YOUR ASSIGNMENT
Restate the whole of the data below word for word, skipping the images.

────────────────────────────────────────

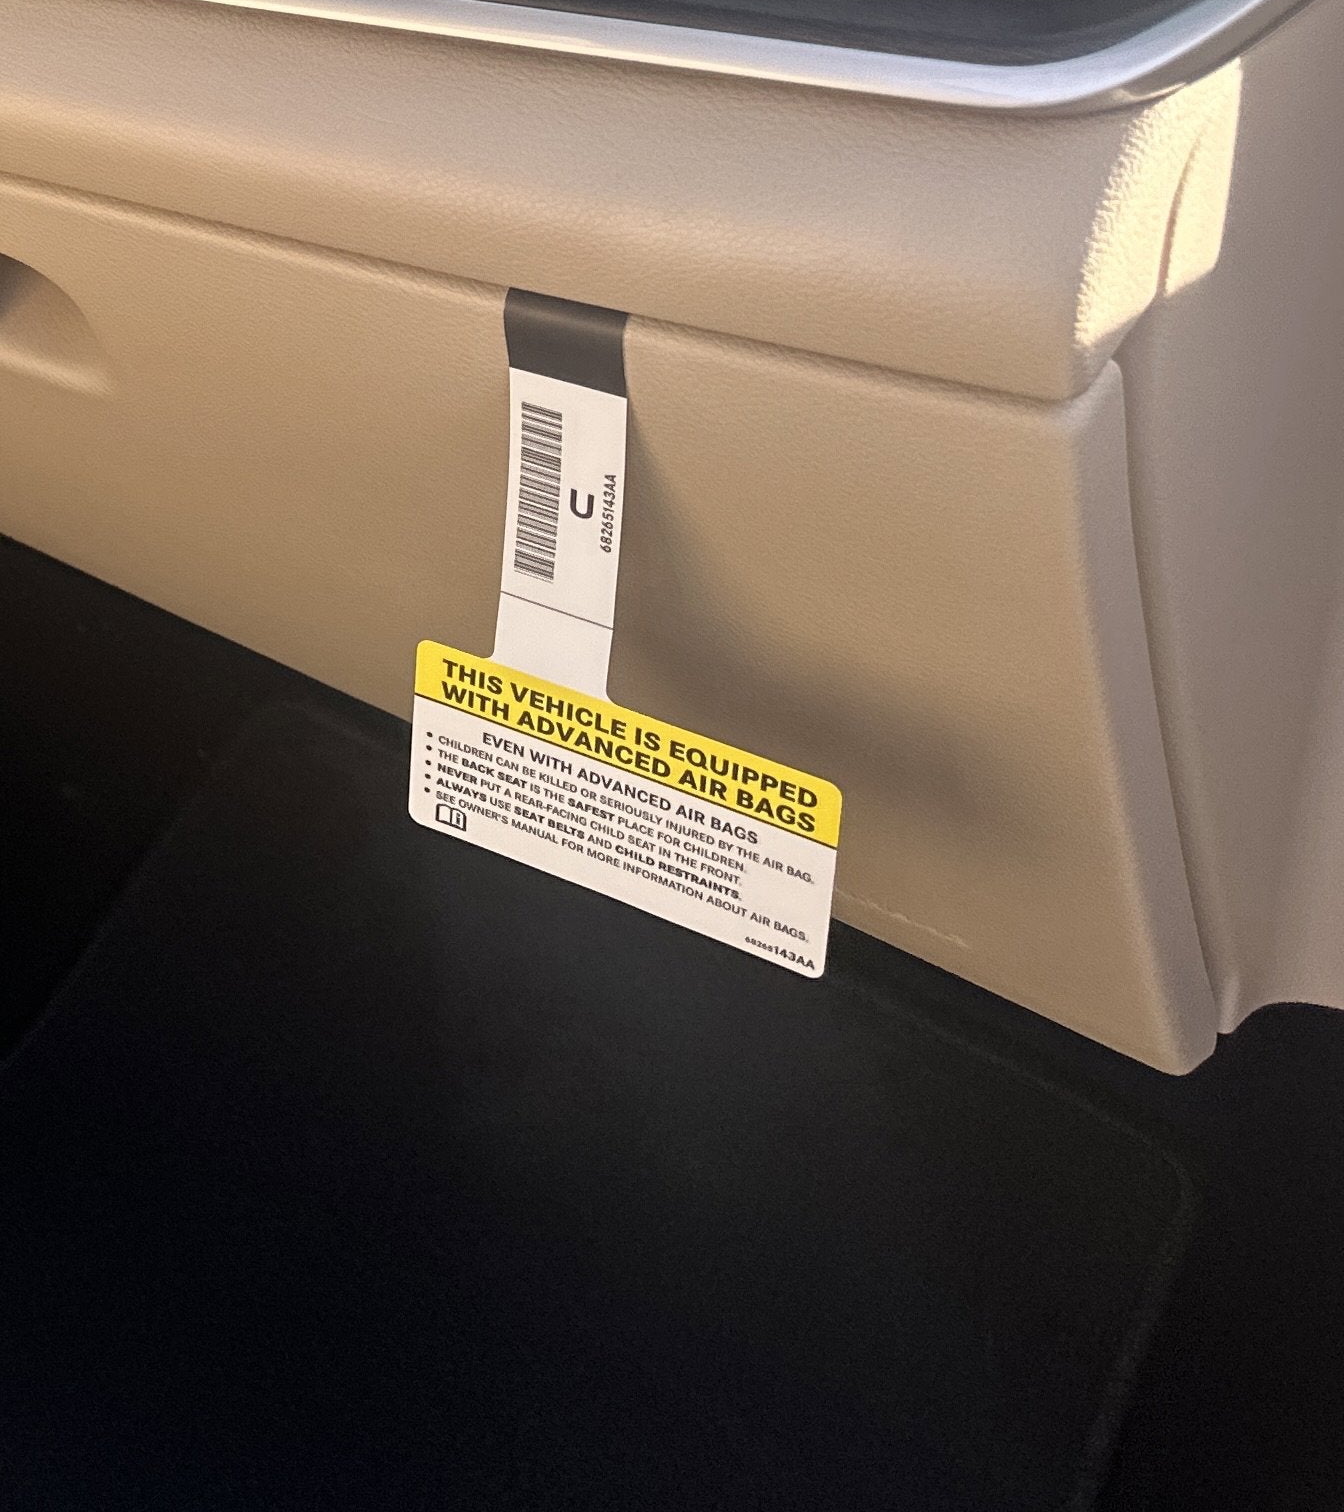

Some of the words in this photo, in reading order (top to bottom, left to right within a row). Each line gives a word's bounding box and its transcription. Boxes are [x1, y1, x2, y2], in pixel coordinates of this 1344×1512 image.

[570, 488, 595, 519] U
[599, 474, 617, 554] 68265143AA
[440, 680, 509, 721] WITH
[516, 707, 671, 780] ADVANCED
[676, 766, 728, 801] AIR
[735, 788, 816, 833] BAGS
[441, 658, 503, 696] THIS
[508, 682, 627, 741] VEHICLE
[634, 727, 661, 753] IS
[668, 739, 819, 810] EQUIPPED
[482, 731, 525, 758] EVEN
[528, 748, 572, 776] WITH
[576, 766, 672, 813] ADVANCED
[675, 803, 705, 826] AIR
[710, 816, 758, 846] BAGS
[435, 775, 487, 804] ALWAYS
[489, 795, 511, 813] USE
[513, 804, 545, 825] SEAT
[547, 817, 585, 840] BELTS
[586, 832, 612, 851] AND
[614, 843, 655, 868] CHILD
[436, 761, 478, 786] NEVER
[480, 777, 501, 795] PUT
[503, 786, 512, 798] A
[514, 790, 587, 827] REAR-FACING
[589, 819, 625, 841] CHILD
[627, 833, 656, 853] SEAT
[657, 845, 671, 859] IN
[673, 851, 698, 869] THE
[437, 747, 459, 765] THE
[461, 756, 495, 778] BACK
[496, 770, 527, 790] SEAT
[529, 782, 541, 795] IS
[542, 787, 565, 804] THE
[567, 796, 615, 823] SAFEST
[617, 815, 654, 838] PLACE
[656, 830, 681, 848] FOR
[437, 733, 493, 763] CHILDREN
[495, 755, 519, 773] CAN
[521, 765, 536, 779] BE
[538, 771, 578, 795] KILLED
[579, 787, 597, 802] OR
[599, 794, 663, 827] SERIOUSLY
[665, 819, 715, 847] INJURED
[717, 839, 734, 854] BY
[735, 845, 760, 864] THE
[762, 856, 784, 873] AIR
[435, 788, 456, 806] SEE
[457, 797, 509, 826] OWNER'S
[511, 818, 559, 845] MANUAL
[561, 837, 584, 854] FOR
[586, 847, 620, 869] MORE
[622, 861, 703, 901] INFORMATION
[705, 894, 747, 919] ABOUT
[749, 911, 771, 928] AIR
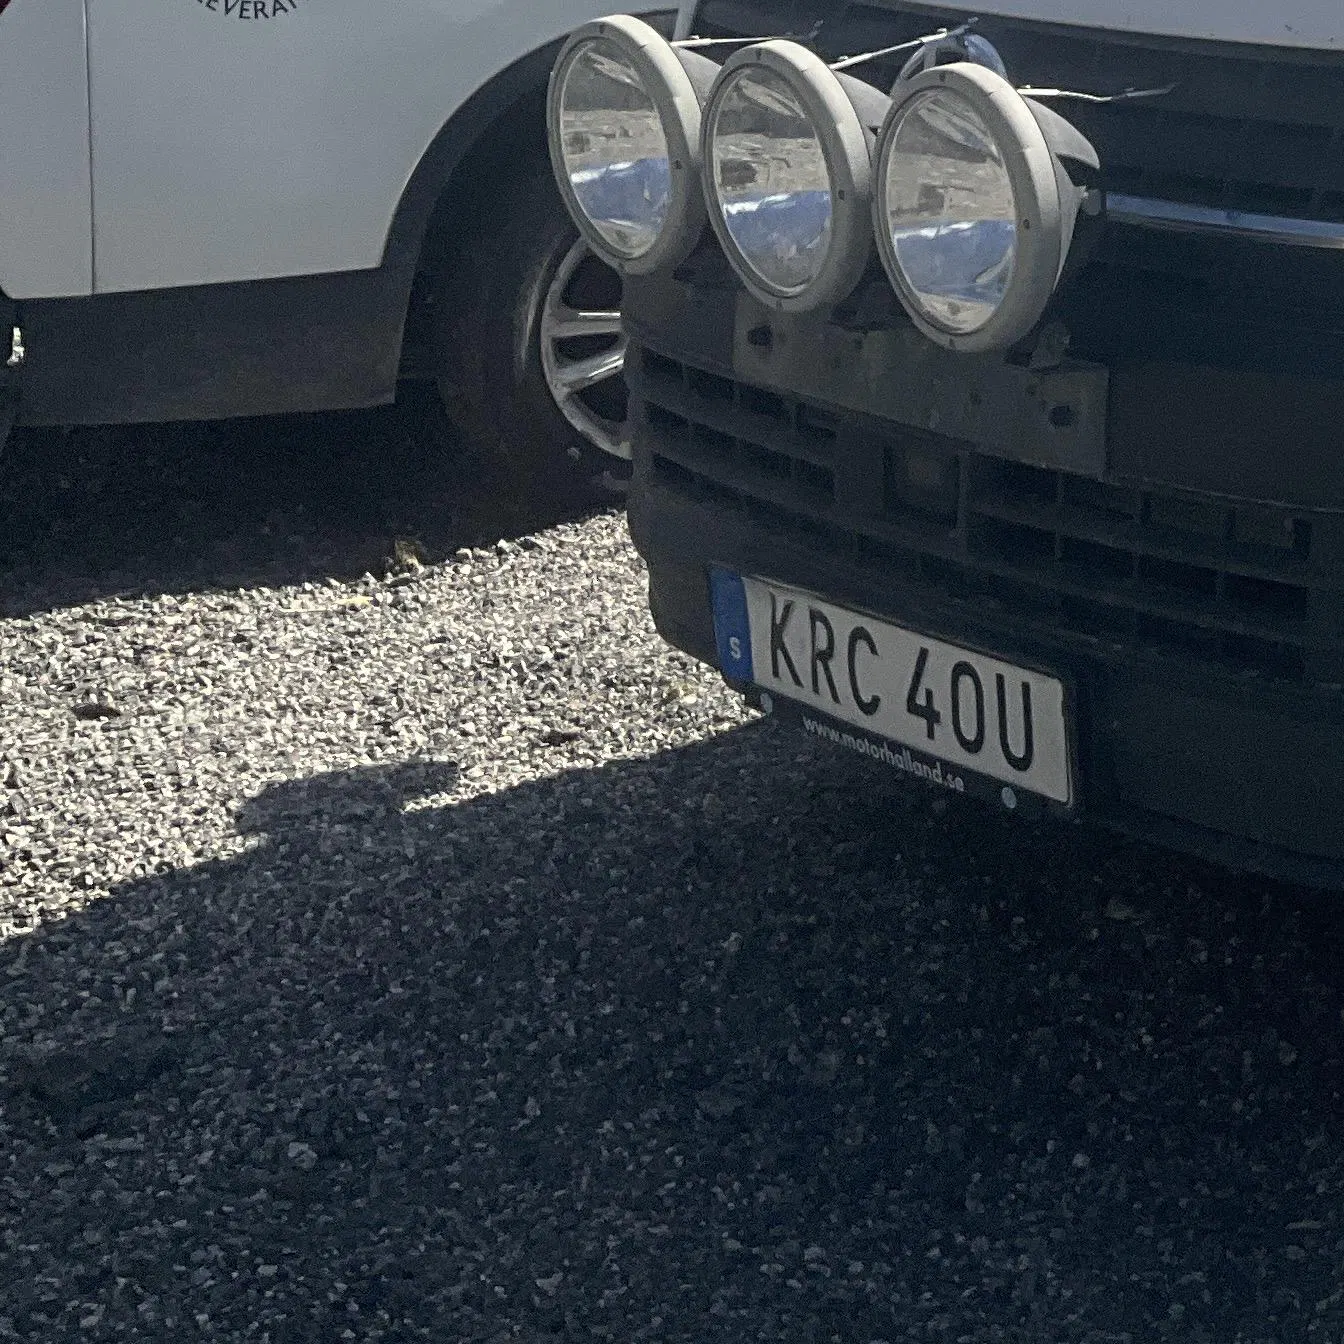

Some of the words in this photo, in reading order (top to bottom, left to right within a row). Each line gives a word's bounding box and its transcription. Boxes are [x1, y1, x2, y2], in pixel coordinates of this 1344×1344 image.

[729, 636, 741, 659] S
[769, 591, 881, 716] KRC
[906, 646, 1034, 771] 40U
[802, 716, 965, 792] www.motorhalland.se
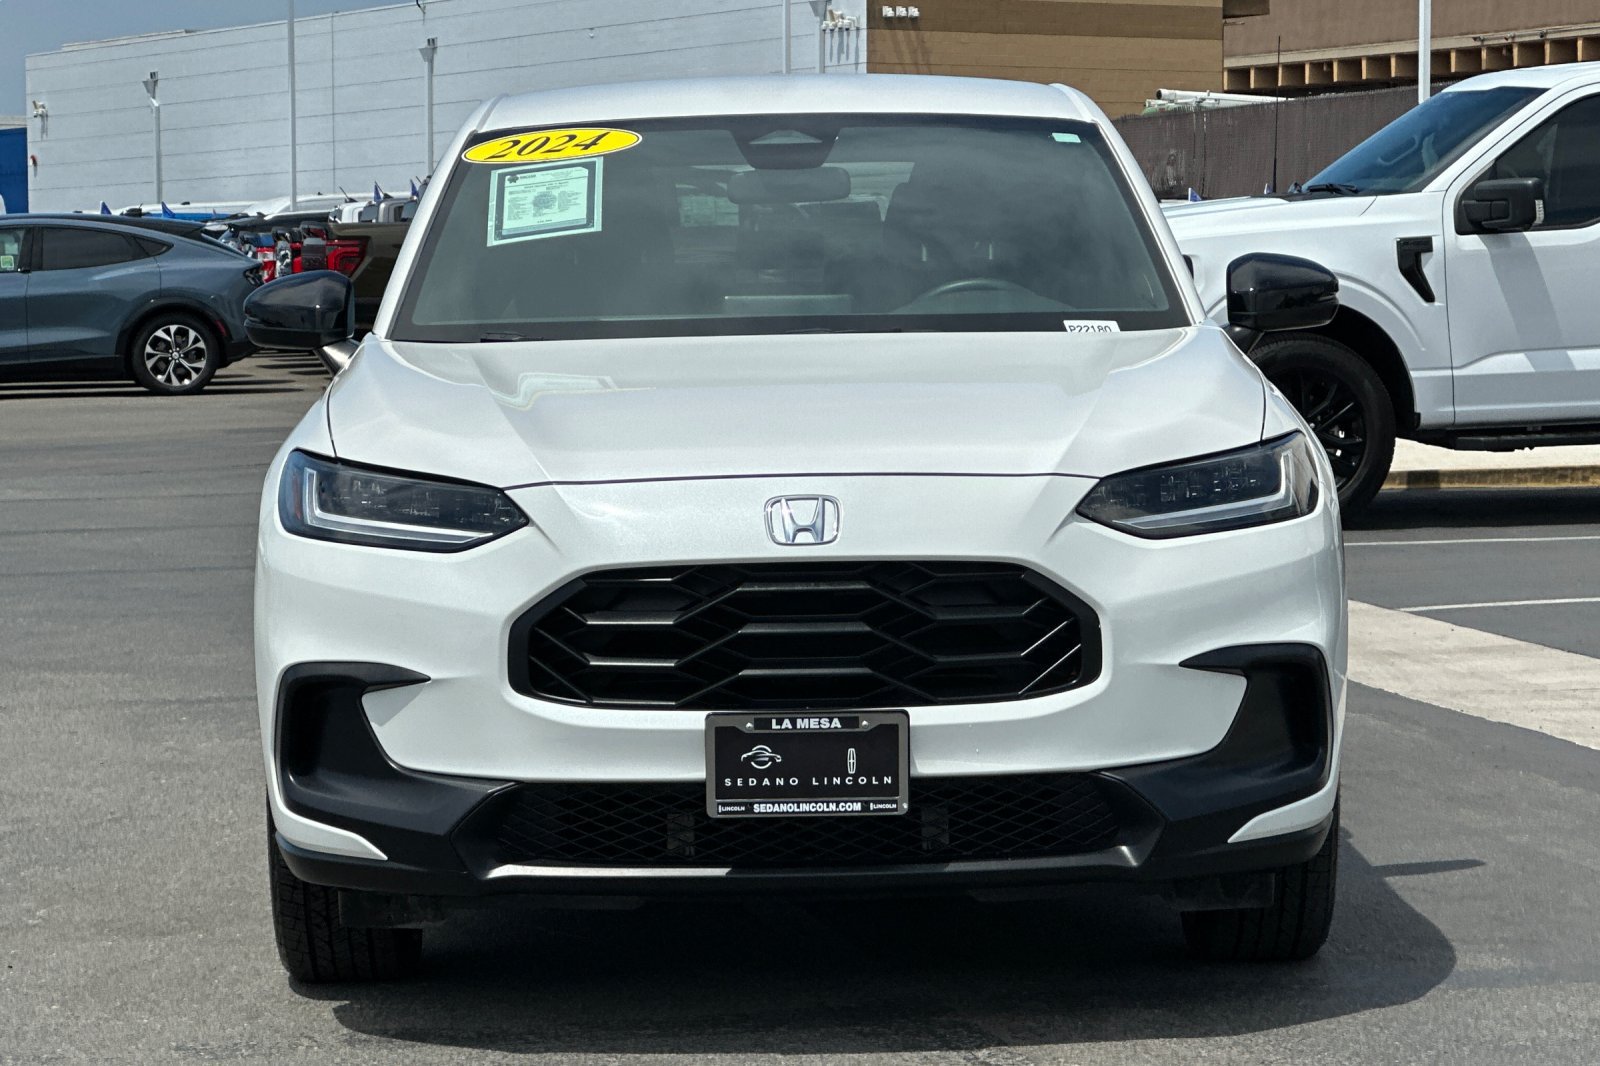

────────────────────────────────────────

EXERCISE RESPONSE
Some of the words in this photo, in reading order (top to bottom, left to right within a row). Each line gives a word's bounding box and its transcription. Boxes are [x1, y1, x2, y2], in pixel coordinates of this 1344×1512 image.

[570, 488, 595, 519] U
[599, 474, 617, 554] 68265143AA
[440, 680, 509, 721] WITH
[516, 707, 671, 780] ADVANCED
[676, 766, 728, 801] AIR
[735, 788, 816, 833] BAGS
[441, 658, 503, 696] THIS
[508, 682, 627, 741] VEHICLE
[634, 727, 661, 753] IS
[668, 739, 819, 810] EQUIPPED
[482, 731, 525, 758] EVEN
[528, 748, 572, 776] WITH
[576, 766, 672, 813] ADVANCED
[675, 803, 705, 826] AIR
[710, 816, 758, 846] BAGS
[435, 775, 487, 804] ALWAYS
[489, 795, 511, 813] USE
[513, 804, 545, 825] SEAT
[547, 817, 585, 840] BELTS
[586, 832, 612, 851] AND
[614, 843, 655, 868] CHILD
[436, 761, 478, 786] NEVER
[480, 777, 501, 795] PUT
[503, 786, 512, 798] A
[514, 790, 587, 827] REAR-FACING
[589, 819, 625, 841] CHILD
[627, 833, 656, 853] SEAT
[657, 845, 671, 859] IN
[673, 851, 698, 869] THE
[437, 747, 459, 765] THE
[461, 756, 495, 778] BACK
[496, 770, 527, 790] SEAT
[529, 782, 541, 795] IS
[542, 787, 565, 804] THE
[567, 796, 615, 823] SAFEST
[617, 815, 654, 838] PLACE
[656, 830, 681, 848] FOR
[437, 733, 493, 763] CHILDREN
[495, 755, 519, 773] CAN
[521, 765, 536, 779] BE
[538, 771, 578, 795] KILLED
[579, 787, 597, 802] OR
[599, 794, 663, 827] SERIOUSLY
[665, 819, 715, 847] INJURED
[717, 839, 734, 854] BY
[735, 845, 760, 864] THE
[762, 856, 784, 873] AIR
[435, 788, 456, 806] SEE
[457, 797, 509, 826] OWNER'S
[511, 818, 559, 845] MANUAL
[561, 837, 584, 854] FOR
[586, 847, 620, 869] MORE
[622, 861, 703, 901] INFORMATION
[705, 894, 747, 919] ABOUT
[749, 911, 771, 928] AIR

Some of the words in this photo, in reading order (top to bottom, left to right within a row). Each line gives a word's bounding box and its transcription. Boxes are [x1, y1, x2, y2], in pixel coordinates of this 1344×1344 image.

[729, 636, 741, 659] S
[769, 591, 881, 716] KRC
[906, 646, 1034, 771] 40U
[802, 716, 965, 792] www.motorhalland.se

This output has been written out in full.